- [EXERCISE INSTRUCTIONS]
Your answer should be the records, copied exactly, with the pictures removed.

- [GIVEN INFORMATION]

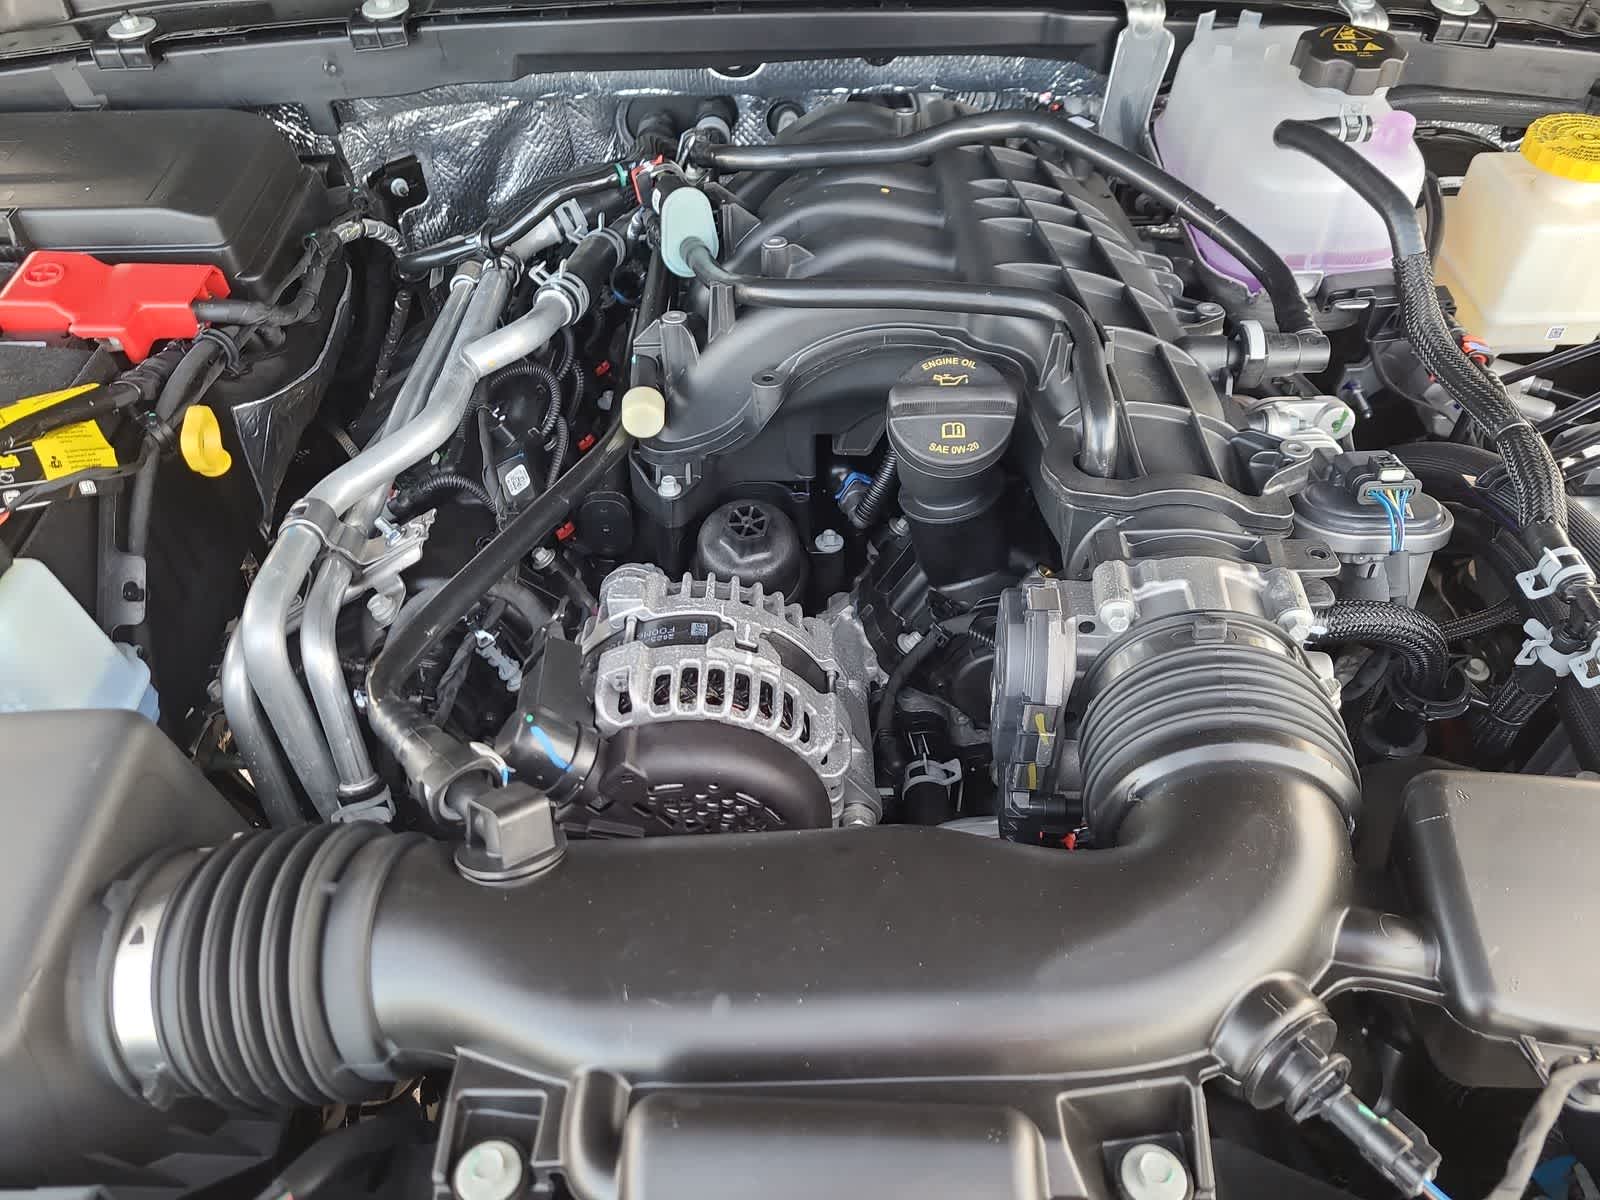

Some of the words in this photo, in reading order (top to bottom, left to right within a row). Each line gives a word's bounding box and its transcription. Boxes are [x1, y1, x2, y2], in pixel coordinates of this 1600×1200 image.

[921, 357, 959, 371] ENGINE
[961, 358, 977, 369] OIL
[928, 442, 949, 454] SAE
[951, 441, 980, 454] 0W-20
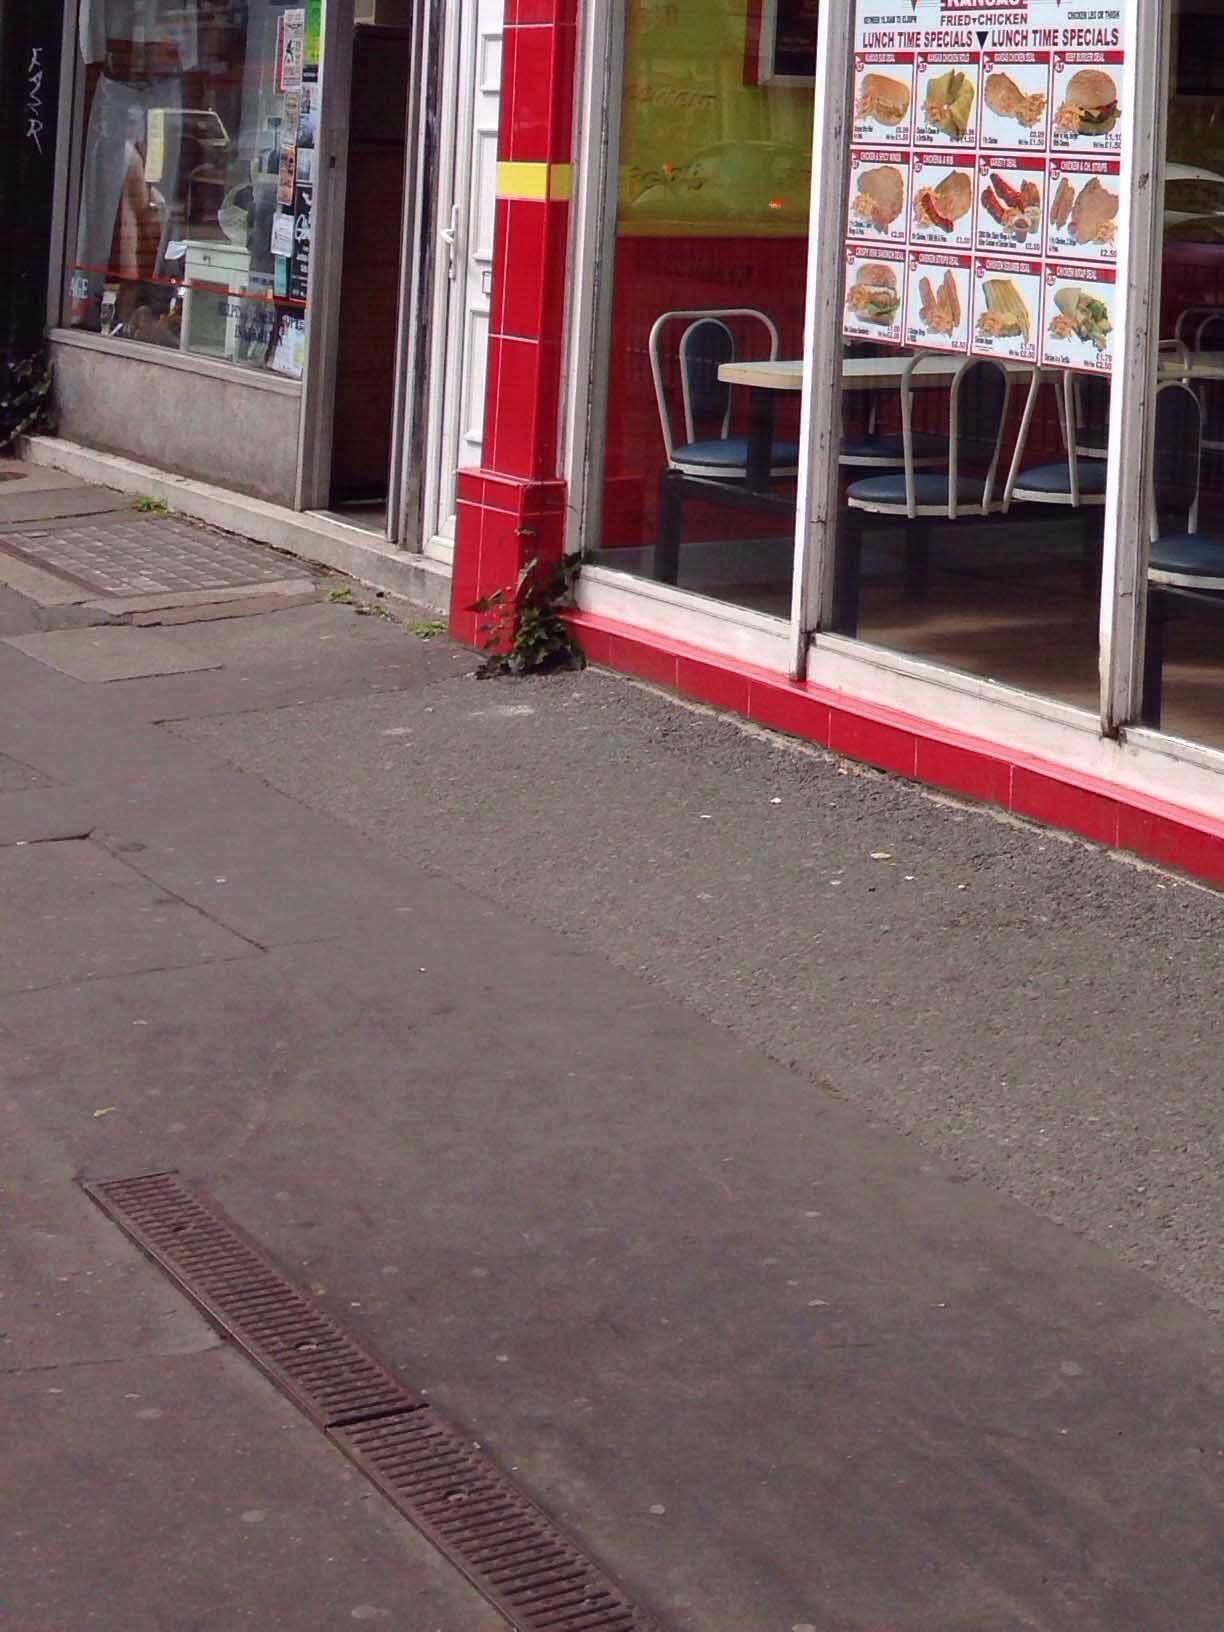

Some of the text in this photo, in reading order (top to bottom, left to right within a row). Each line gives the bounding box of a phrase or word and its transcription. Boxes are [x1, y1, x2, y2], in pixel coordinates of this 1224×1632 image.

- [RESULT FOR THIS EXERCISE]
Some of the words in this photo, in reading order (top to bottom, left to right within a row). Each line gives a word's bounding box and its transcription. Boxes are [x1, y1, x2, y2], in pixel coordinates of this 1600×1200 image.

[921, 357, 959, 371] ENGINE
[961, 358, 977, 369] OIL
[928, 442, 949, 454] SAE
[951, 441, 980, 454] 0W-20

Some of the text in this photo, in reading order (top to bottom, left to right within a row). Each line gives the bounding box of a phrase or word and its transcription. Boxes are [x1, y1, x2, y2], in pixel coordinates of this 1224×1632 image.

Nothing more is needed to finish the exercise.